Nine-tenths of the economic fallacies that are working such dreadful harm in the world today are the result of ignoring this lesson. Those fallacies all stem from one of two central fallacies, or both: that of looking only at the immediate consequences of an act or proposal, and that of looking at the consequences only for a particular group to the neglect of other groups.
It is true, of course, that the opposite error is possible. In considering a policy we ought not to concentrate only on its long-run results to the community as a whole. This is the error often made by the classical economists. It resulted in a certain callousness toward the fate of groups that were immediately hurt by policies or developments which proved to be beneficial on net balance and in the long run.
But comparatively few people today make this error; and those few consist mainly of professional economists. The most frequent fallacy by far today, the fallacy that emerges again and again in nearly every conversation that touches on economic affairs, the error of a thousand political speeches, the central sophism of the "new" economics, is to concentrate on the short-run effects of policies on special groups and to ignore or belittle the long-run effects on the community as a whole.

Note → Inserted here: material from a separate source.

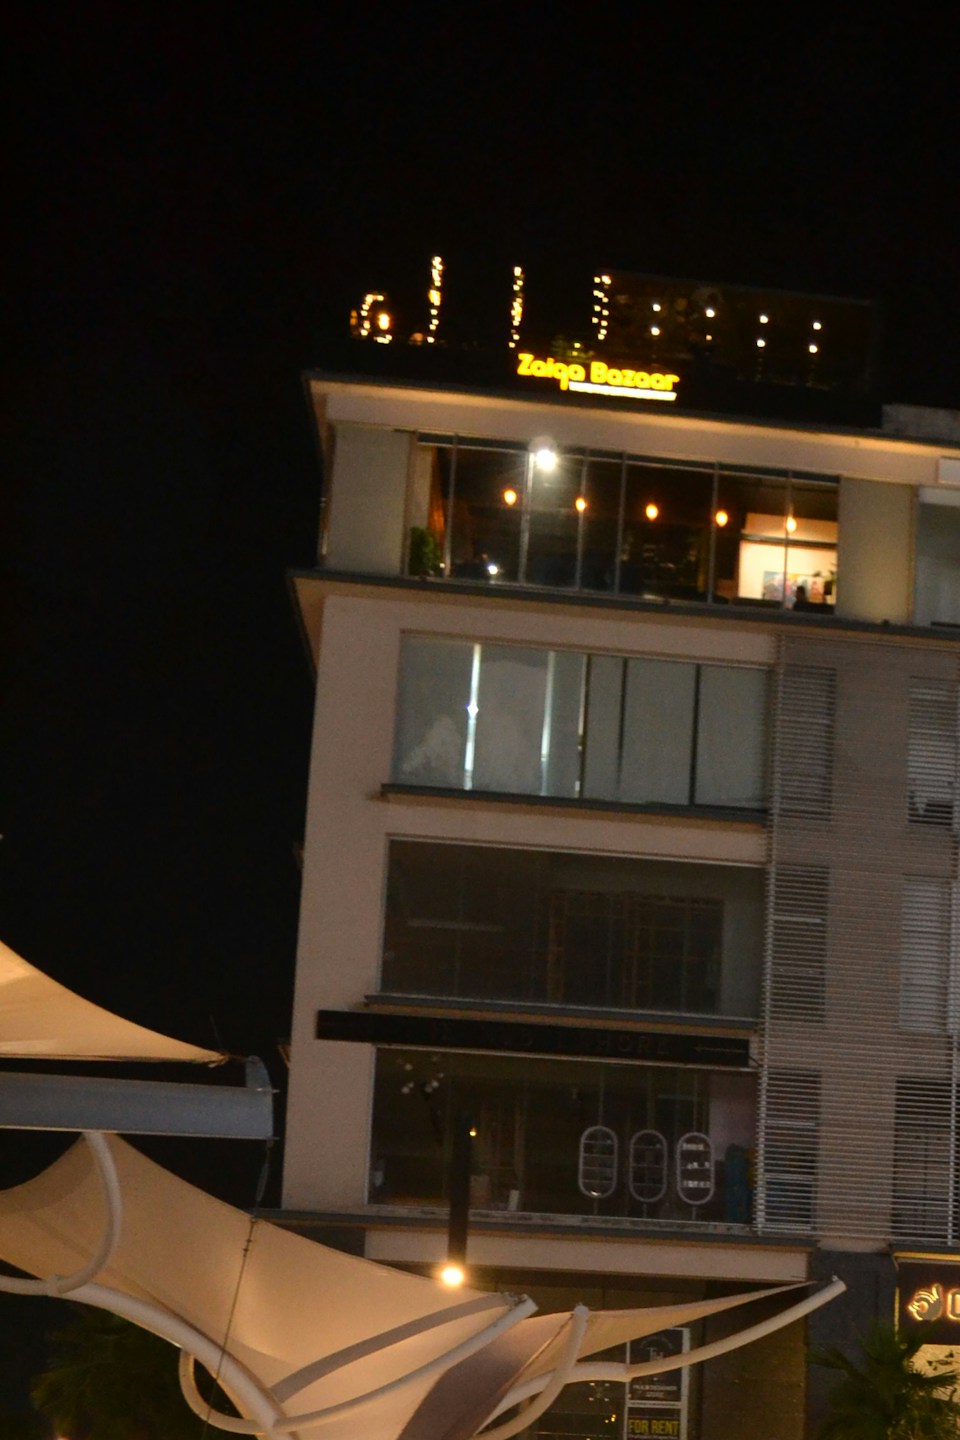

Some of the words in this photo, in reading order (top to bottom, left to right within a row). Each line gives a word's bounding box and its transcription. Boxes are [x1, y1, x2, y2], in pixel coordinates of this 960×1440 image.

The "new" economists flatter themselves that this is a great, almost a revolutionary advance over the methods of the "classical" or "orthodox" economists, because the former take into consideration short-run effects which the latter often ignored. But in themselves ignoring or slighting the long-run effects, they are making the far more serious error. They overlook the woods in their precise and minute examination of particular trees. Their methods and conclusions are often profoundly reactionary. They are sometimes surprised to find themselves in accord with 17th-century mercantilism. They fall, in fact, into all the ancient errors (or would, if they were not so inconsistent) that the classical economists, we had hoped, had once for all got rid of.
It is often sadly remarked that the bad economists present their errors to the public better than the good economists present their truths. It is often complained that demagogues can be more plausible in putting forward economic nonsense from the platform than the honest men who try to show what is wrong with it. But the basic reason for this ought not to be mysterious. The reason is that the demagogues and bad economists are presenting half-truths. They are speaking only of the immediate effect of a proposed policy or its effect upon a single group. As far as they go they may often be right. In these cases the answer consists in showing that the proposed policy would also have longer and less desirable effects, or that it could benefit one group only at the expense of all other groups. The answer consists in supplementing and correcting the half-truth with the other half. But to consider all the chief effects of a proposed course on everybody often requires a long, complicated, and dull chain of reasoning. Most of the audience finds this chain of reasoning difficult to follow and soon becomes bored and inattentive. The bad economists rationalize this intellectual debility and laziness by assuring the audience that it need not even attempt to follow the reasoning or judge it on its merits because it is only "classicism" or "laissez faire" or "capitalist apologetics" or whatever other term of abuse may happen to strike them as effective.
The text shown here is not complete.